The genesis for the Way of Cooking came following an epiphany 3 years ago while watching a friend make chicken sandwiches. Having decided what she wanted to eat, V reached for a cookbook and carefully measured out the ingredients for the chicken salad — chicken, apples, celery, seasoning, mayo. At the time I was amused and intrigued that she would go to such trouble to make a sandwich filling. What I knew about this friend was that she loved good food, and that she was a reluctant though accomplished cook.

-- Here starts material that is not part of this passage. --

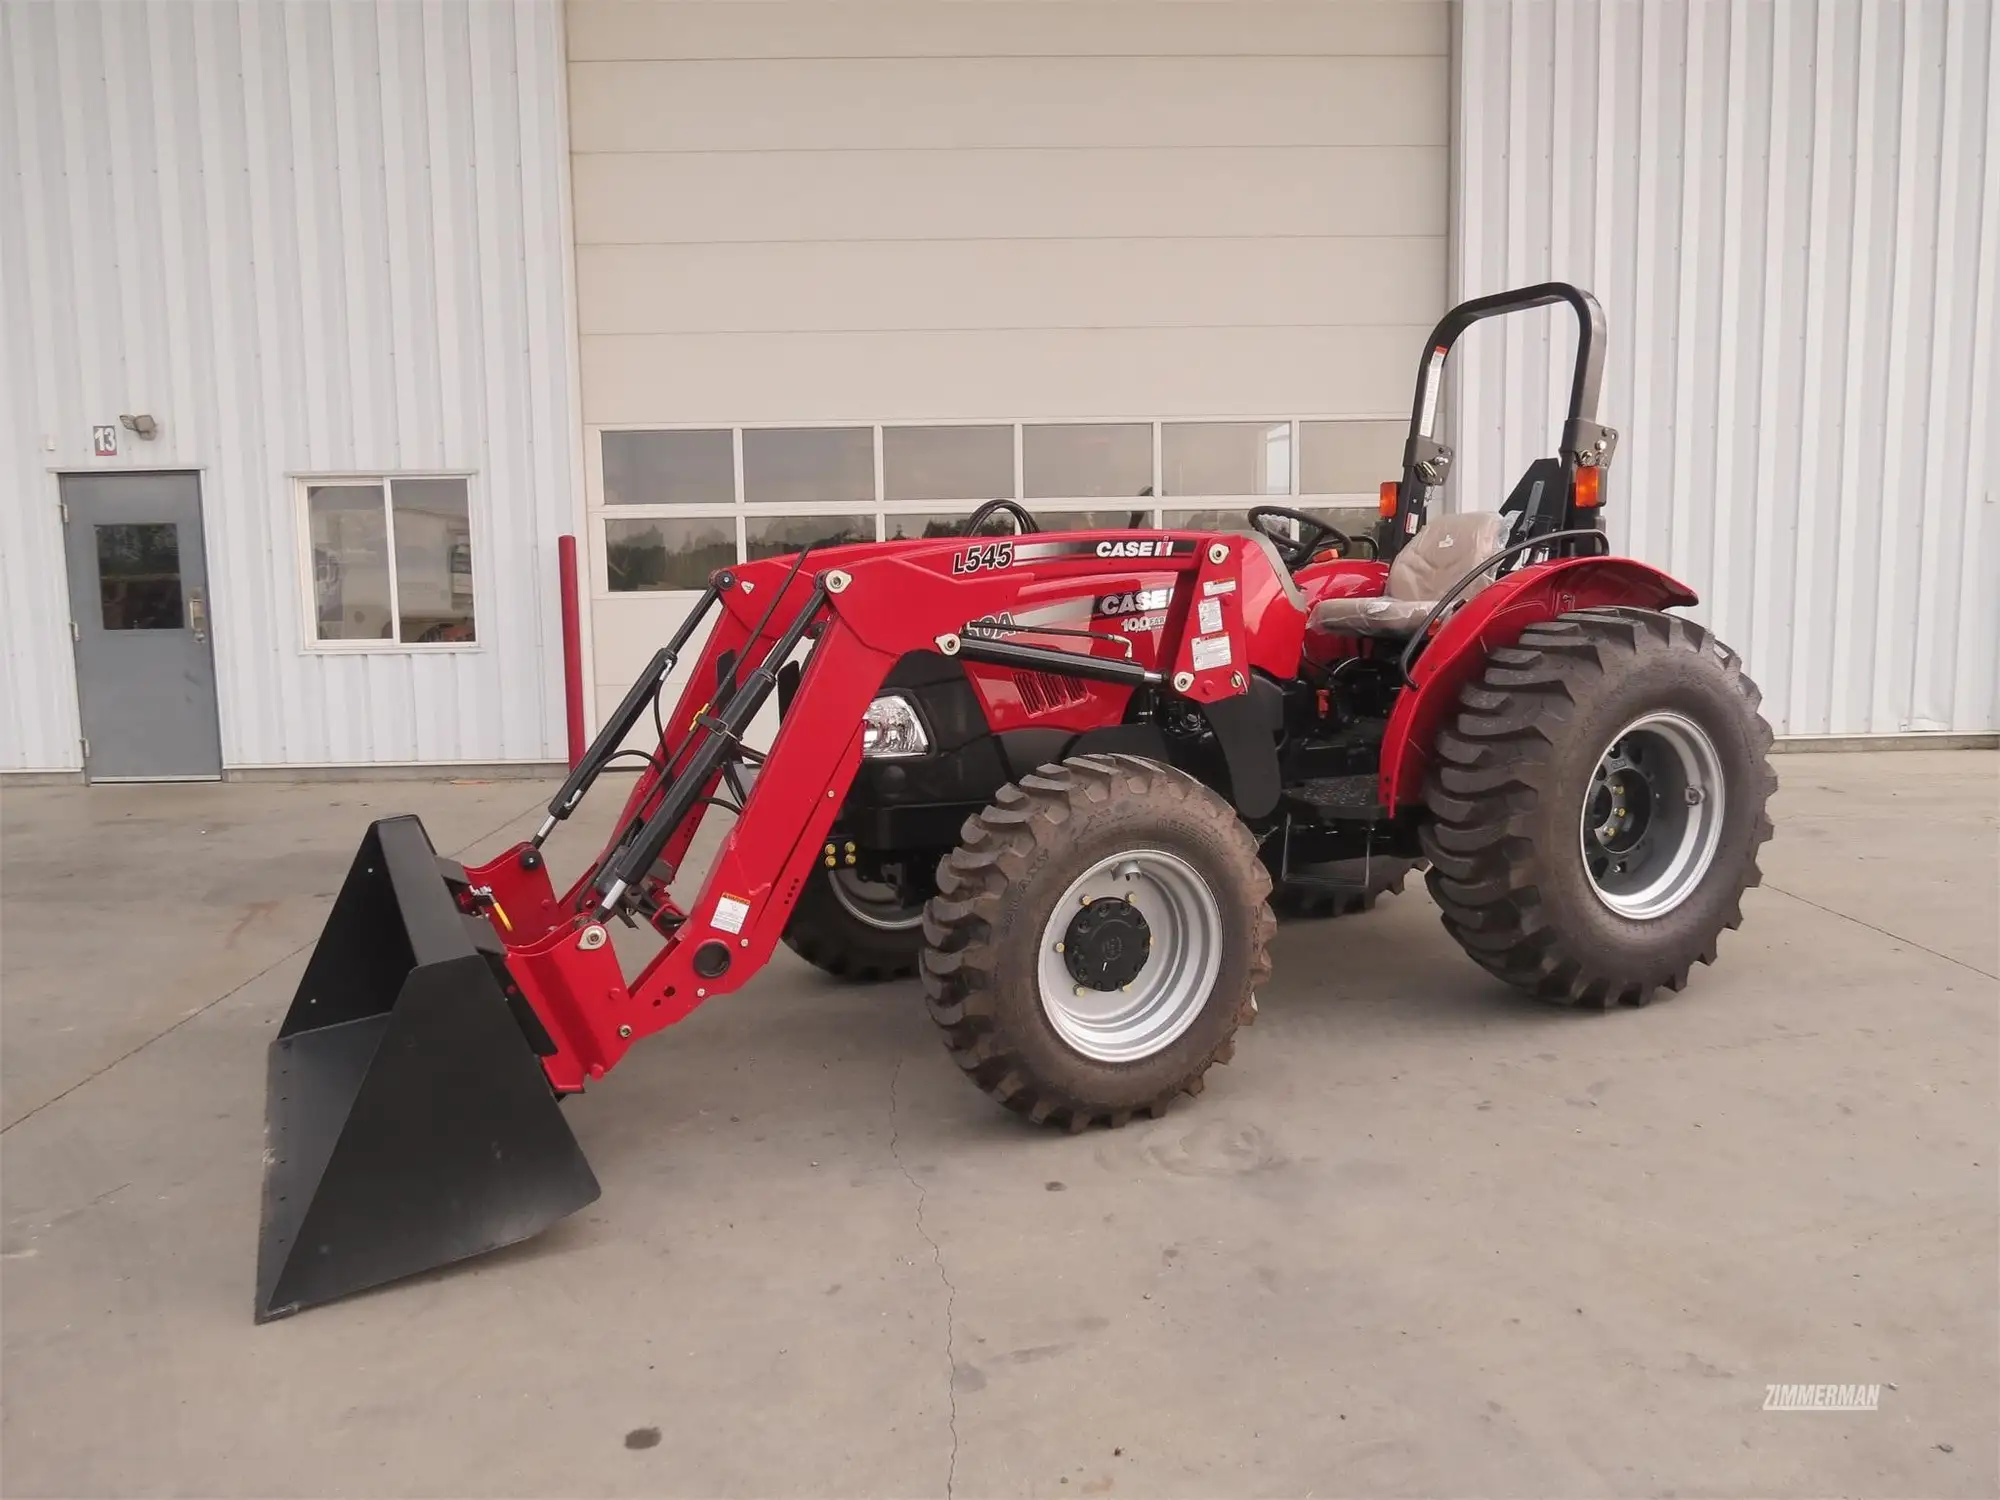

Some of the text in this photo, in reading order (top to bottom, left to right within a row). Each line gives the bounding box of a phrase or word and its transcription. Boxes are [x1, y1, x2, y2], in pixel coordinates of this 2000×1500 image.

My “aha-moment” was the understanding that she, like so many, equate cooking with following a known recipe. This may seem self-evident, but I am an inveterate improviser in the kitchen — a legacy of my upbringing — so the idea that it might be necessary to always use a recipe was truly an epiphany. For my friend, cooking was neither easy nor an enjoyable every day activity — find a recipe, buy the ingredients, prep the food, cook it. Cooking was something to be short-cut, circumvented or saved for special occasions.

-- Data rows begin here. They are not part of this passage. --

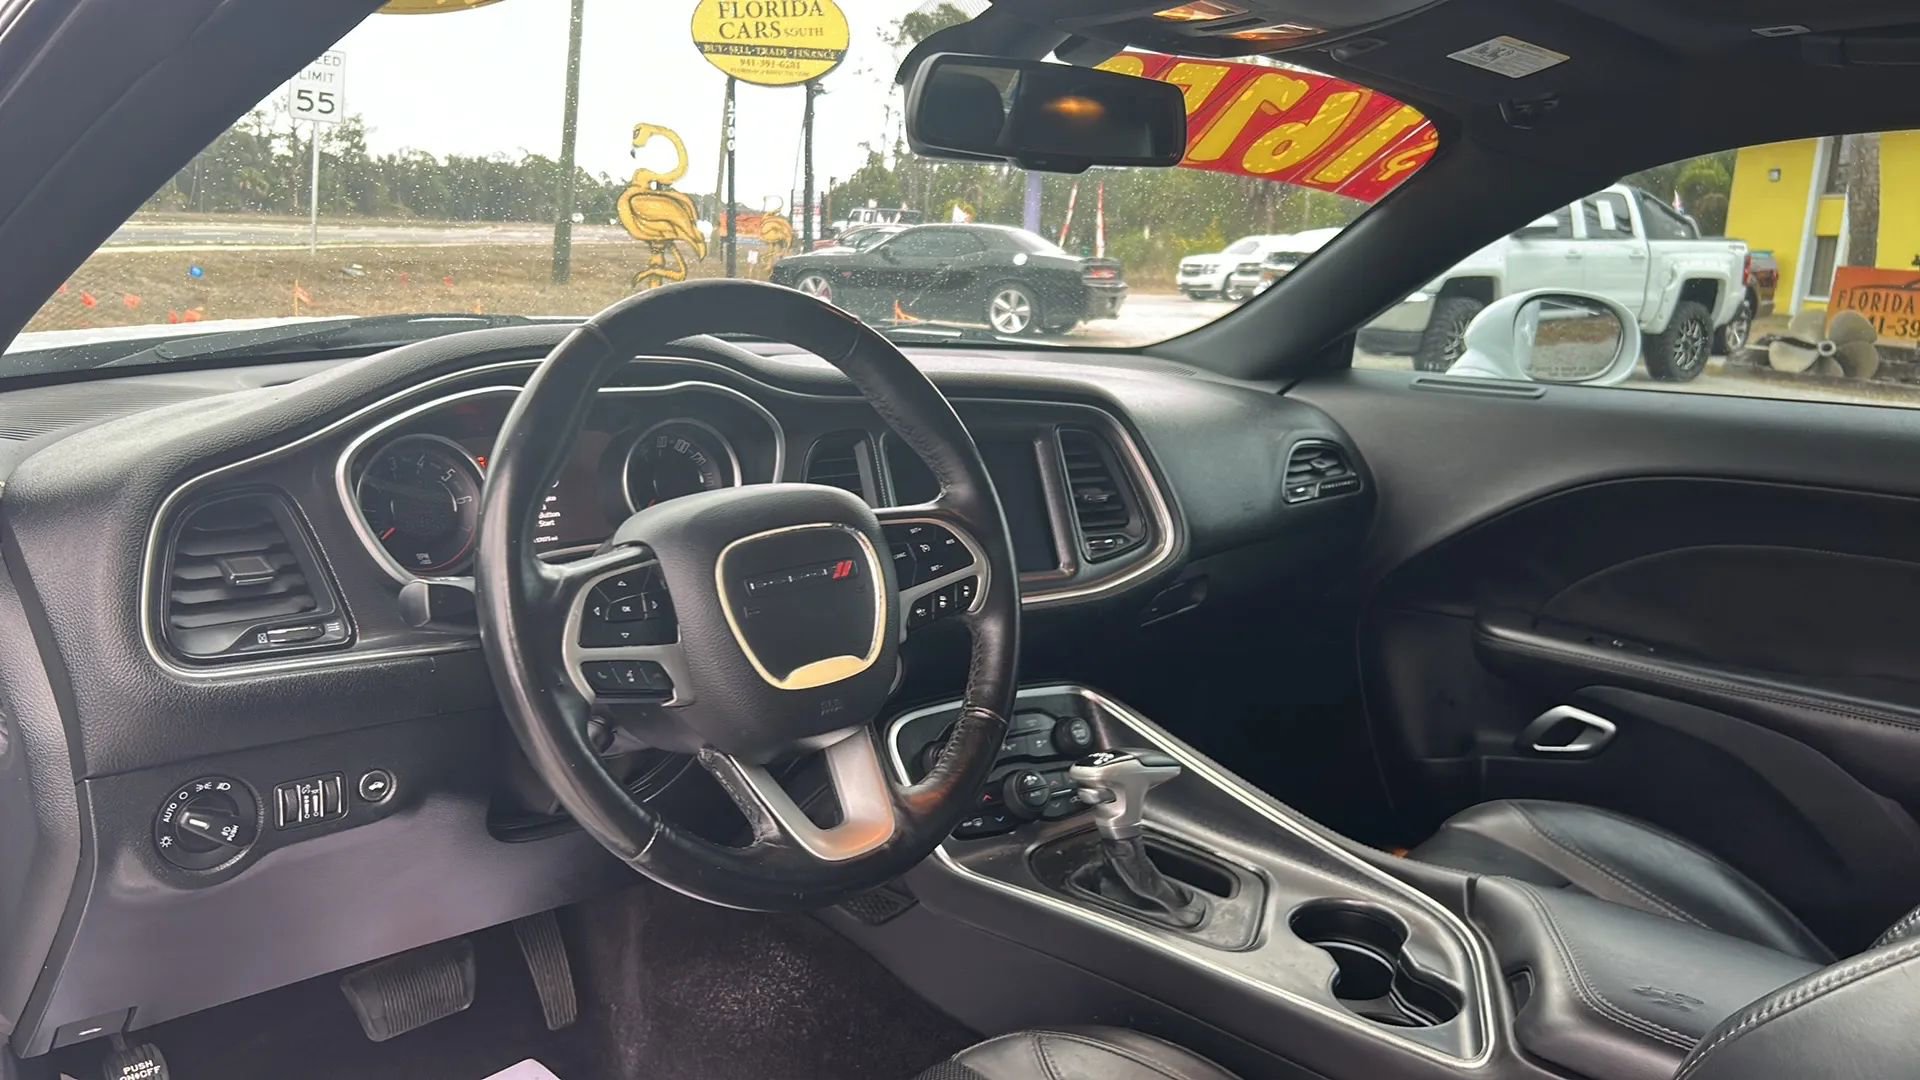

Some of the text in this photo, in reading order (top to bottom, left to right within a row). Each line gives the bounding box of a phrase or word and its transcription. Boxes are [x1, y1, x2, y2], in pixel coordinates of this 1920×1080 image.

[718, 0, 824, 18] FLORIDA
[719, 20, 824, 39] CARS SOUTH
[299, 70, 335, 83] LIMIT
[297, 89, 335, 114] 55
[1837, 289, 1915, 314] FLORIDA
[440, 468, 456, 482] 5
[456, 495, 473, 505] 6
[621, 605, 632, 613] OK
[163, 802, 177, 823] AUTO
[226, 825, 239, 842] PUSH
[122, 1059, 154, 1075] PUSH

The Way of Cooking was developed to encourage all people who love good food to cook more often, and to cook instinctively and naturally from what is on hand and readily enjoyed. We will distill the basics of classic recipes — understand their structure — so the cook is free to improvise and be creative around that foundation. We are going to start with some very basic recipes: fried rice, salsa, chicken soup, etc.